Il aura fallu plus de dix heures d’interventions de députés tantôt critiques, tantôt conciliants mais la plupart du temps hors sujet pour qu’en fin Elyes Fakhfakh et ses 32 membres du désormais nouveau gouvernement repartent avec… des voix en guise de gage de confiance. S’il ressort de l’hémicycle avec le costume de chef de gouvernement, Elyes Fakhfakh ne sort pourtant pas indemne des joutes verbales auxquelles se sont prêtés avec beaucoup de zèle les députés présents.

L’absence d’engagements chiffrés, parfaitement assumé de la part du chef du gouvernement, fait de son discours une myriade de «vœux pieux» comme se plait à dire le député du Parti destourien libre, Thameur Saâd. Dans la matinée, dans son discours inaugural, le chef du gouvernement avait en effet annoncé qu’il préférait d’abord faire un état des lieux, avant de revenir à l’Assemblée pour un programme plus détaillé, chiffres à l’appui. Et lorsque Elyes Fakhfakh évoque l’hétérogénéité du gouvernement comme d’une force et non une faiblesse, le député Mejdi Boudhina en doute : «Vous vous êtes fait la guerre pendant des semaines, et vous vous êtes traités des pires qualificatifs», rappelle-t-il.

Qalb Tounès, qui avait annoncé qu’il ne voterait pas en faveur du gouvernement, accuse Elyes Fakhfakh d’avoir décidé de diviser les Tunisiens en excluant l’un des partis vainqueurs des élections.
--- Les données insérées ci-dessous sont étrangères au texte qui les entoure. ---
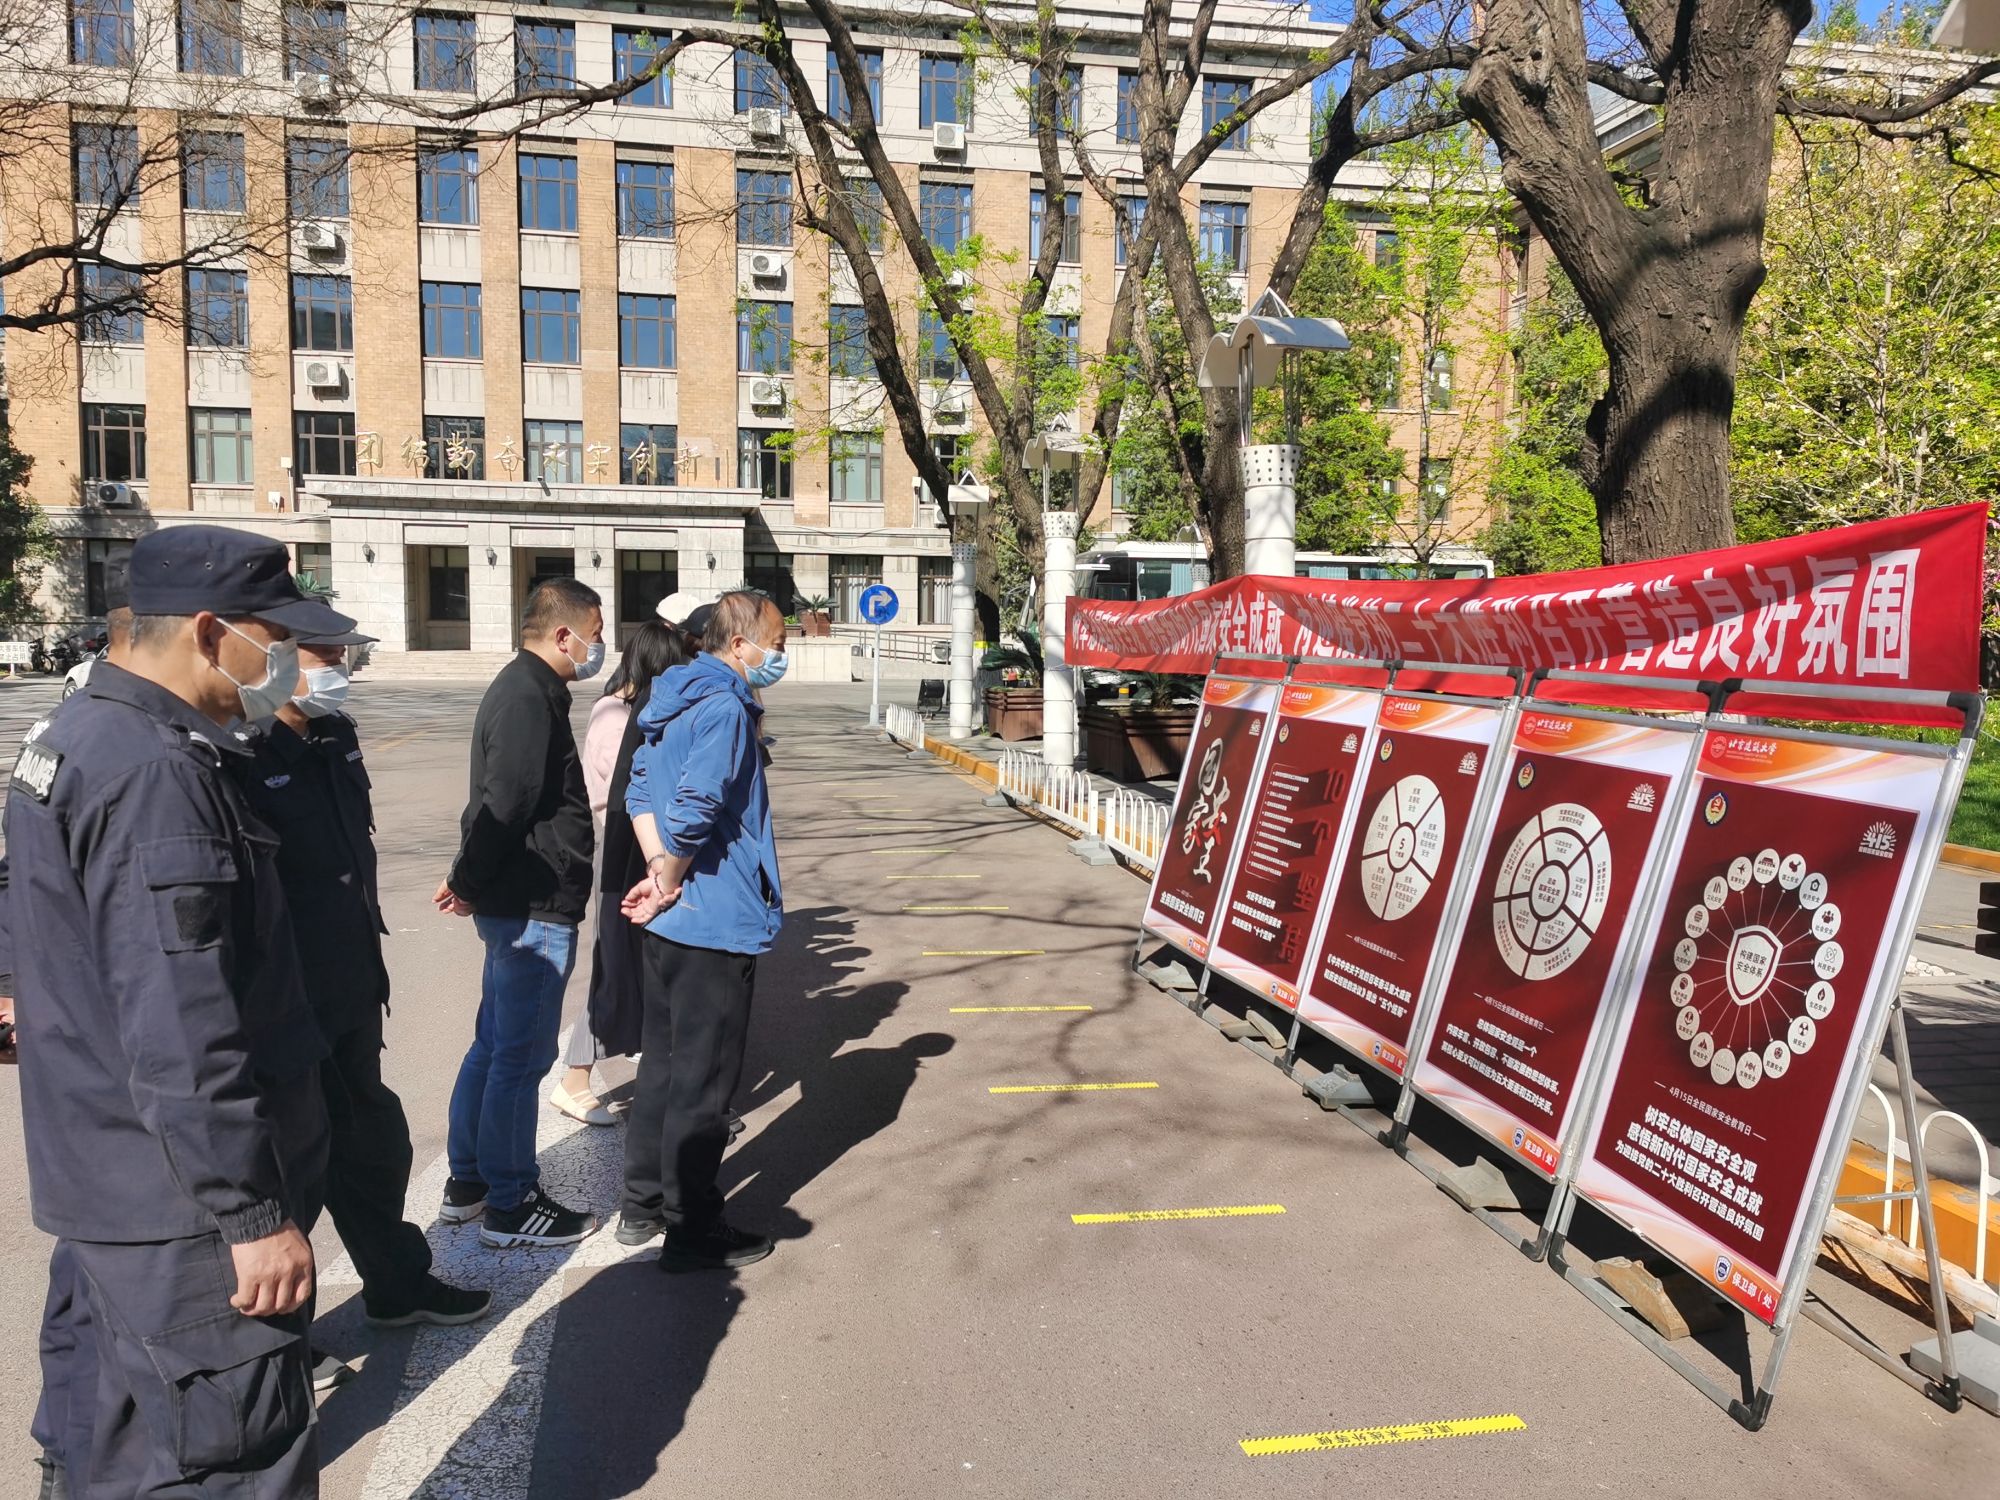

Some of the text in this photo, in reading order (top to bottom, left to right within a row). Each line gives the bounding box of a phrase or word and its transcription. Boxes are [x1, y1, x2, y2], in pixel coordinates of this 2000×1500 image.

[1398, 837, 1405, 849] 5
[1735, 960, 1764, 979] 安全体系
[1738, 949, 1767, 966] 构建国家
[1475, 1017, 1538, 1058] 总体国家安全观是一个
[1667, 1085, 1753, 1136] 4月15日全民国家安全教育日
[1642, 1103, 1760, 1185] 树牢总体国家安全观
[1624, 1119, 1766, 1218] 感悟新时代国家安全成就
[1612, 1138, 1767, 1242] 为迎接党的二十大胜利召开营造良好氛围
[1314, 1424, 1454, 1446] 请在一米线外等候
Et comme l’ensemble des députés de l’opposition, Foued Thameur fustige le chef du gouvernement pour ne pas avoir divulgué les mécanismes qui lui permettraient de mettre en œuvre les réformes annoncées.

Mais les déclarations incendiaires ne viennent pas uniquement du camp de l’opposition, elles proviennent également de ce qui est communément appelé «la ceinture politique». Lorsqu’il prend la parole, Neji Djemal, député d’Ennahdha reconnaît «le déficit, voire l’absence de confiance» entre les partis qui composent le gouvernement, même s’il se dit «optimiste». Même soutien très mou de la part du député du parti Al-Chaâb, Khaled Krichi qui admet de son côté qu’il n’est «pas très facile de soutenir ce gouvernement». 

«Nous vous soutenons car vous êtes un véritable gouvernement d’union nationale, nous vous soutenons car vous croyez au processus de justice transitionnelle, et par ce que vous visez l’amélioration du pouvoir d’achat des plus démunis», a-t-il néanmoins tenu à dire.

S’adressant au chef du gouvernement, le député et homme d’affaires Hafedh Zouari (Al Badil) ironise. «Ce poste est pour vous un don de dieu, ni élection ni rien du tout», a-il-dit,  tout en lui demandant de ne pas privilégier son avenir politique au détriment des intérêts du peuple.

De son côté, Marouene Felfel (Tahya Tounès) préfère jouer la carte de la solidarité en estimant qu’Elyes Fakhfakh fait partie des hommes d’Etat qui pensent d’abord aux générations futures. Marouene Felfel en profite également pour dire que le gouvernement Chahed a mis quelques pierres angulaires aux réformes qui devront se poursuivre, notamment dans les finances publiques et au niveau de la fonction publique. Le député invite cependant le chef du gouvernement à faire preuve de la plus grande clarté quant aux orientations économiques et lui demande de les assumer pleinement pour que l’Histoire s’en souvienne.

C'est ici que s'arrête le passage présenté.